_Brief_
A faithful, word-for-word copy of the records is required, and it must contain no pictures.

_Data provided_
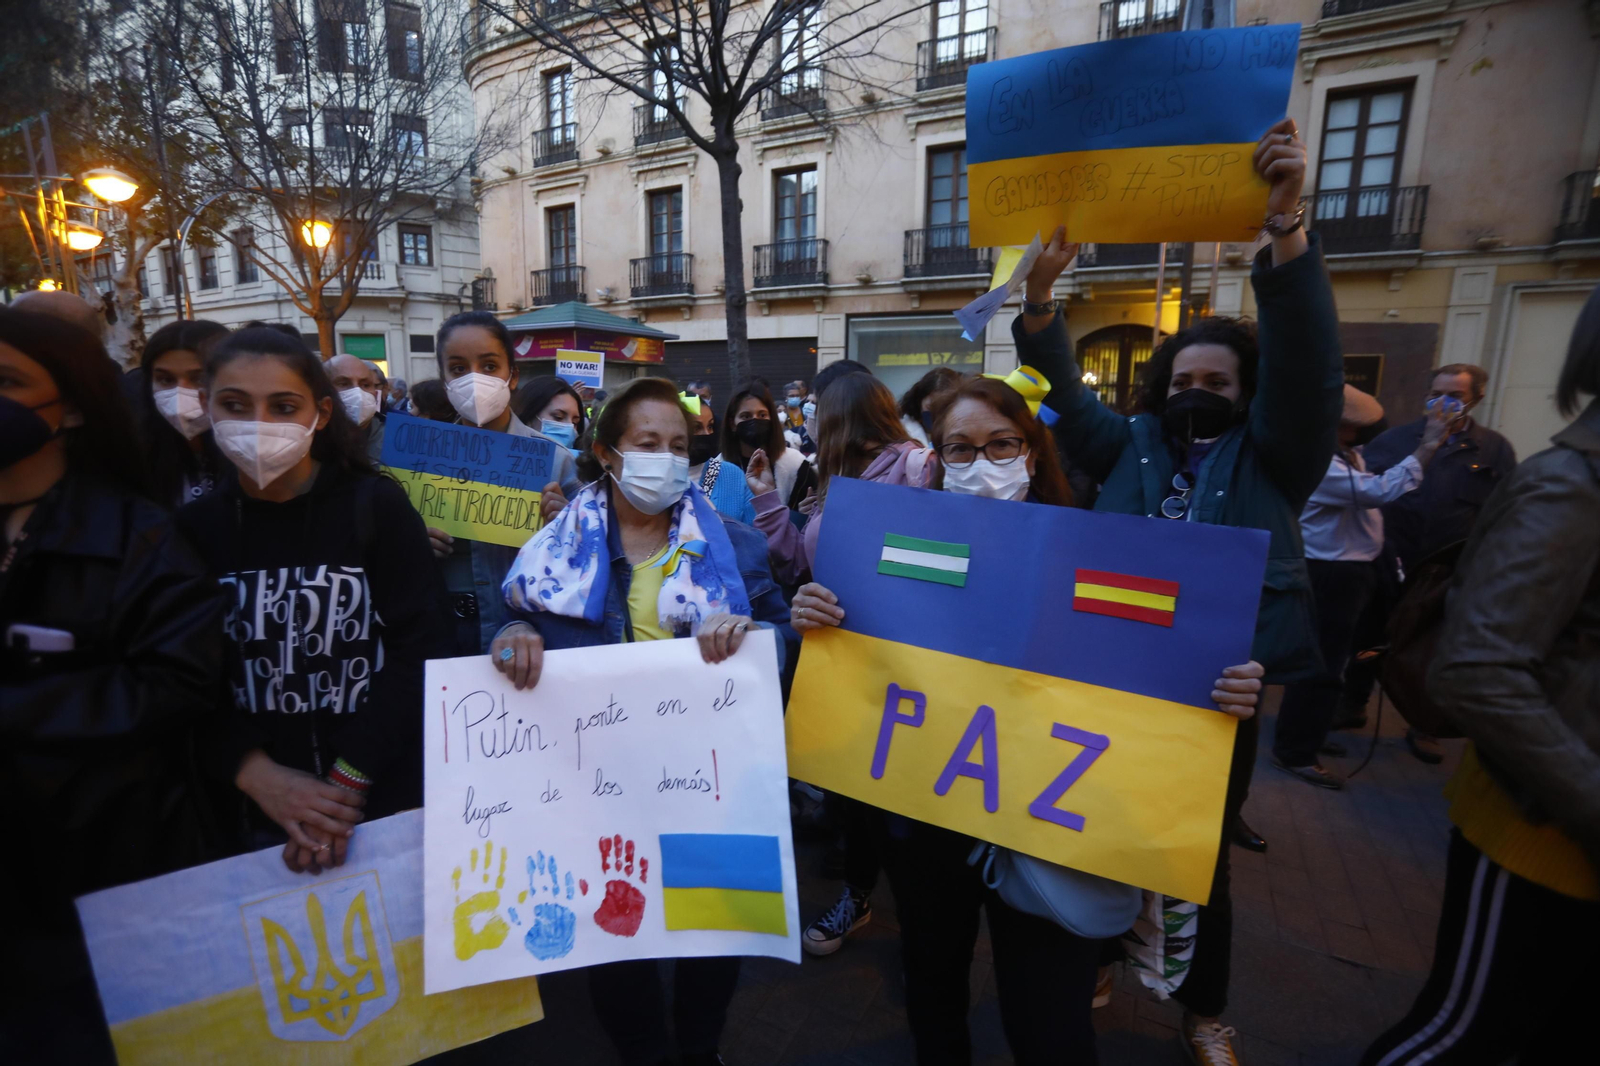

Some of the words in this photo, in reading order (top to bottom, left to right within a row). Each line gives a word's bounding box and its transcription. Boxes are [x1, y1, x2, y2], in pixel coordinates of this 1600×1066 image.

[1173, 33, 1227, 76] NO
[1240, 30, 1299, 71] HAY
[1047, 57, 1093, 111] LA
[1079, 78, 1186, 138] GUERRA
[984, 162, 1112, 217] GANADORES
[560, 361, 573, 369] NO
[575, 362, 598, 371] WAR!
[394, 422, 495, 466] QUEREMOS
[507, 455, 548, 477] ZAR
[487, 470, 527, 493] PUTIN
[574, 692, 629, 771] ponte
[657, 699, 688, 715] en
[713, 678, 737, 711] el
[870, 682, 1111, 833] PAZ
[462, 786, 513, 839] lugar
[540, 779, 563, 804] de
[592, 768, 623, 796] los
[657, 748, 721, 802] demás!

_Result of this exercise_
Some of the words in this photo, in reading order (top to bottom, left to right within a row). Each line gives a word's bounding box and its transcription. Boxes are [x1, y1, x2, y2], in pixel coordinates of this 1600×1066 image.

[1173, 33, 1227, 76] NO
[1240, 30, 1299, 71] HAY
[1047, 57, 1093, 111] LA
[1079, 78, 1186, 138] GUERRA
[984, 162, 1112, 217] GANADORES
[560, 361, 573, 369] NO
[575, 362, 598, 371] WAR!
[394, 422, 495, 466] QUEREMOS
[507, 455, 548, 477] ZAR
[487, 470, 527, 493] PUTIN
[574, 692, 629, 771] ponte
[657, 699, 688, 715] en
[713, 678, 737, 711] el
[870, 682, 1111, 833] PAZ
[462, 786, 513, 839] lugar
[540, 779, 563, 804] de
[592, 768, 623, 796] los
[657, 748, 721, 802] demás!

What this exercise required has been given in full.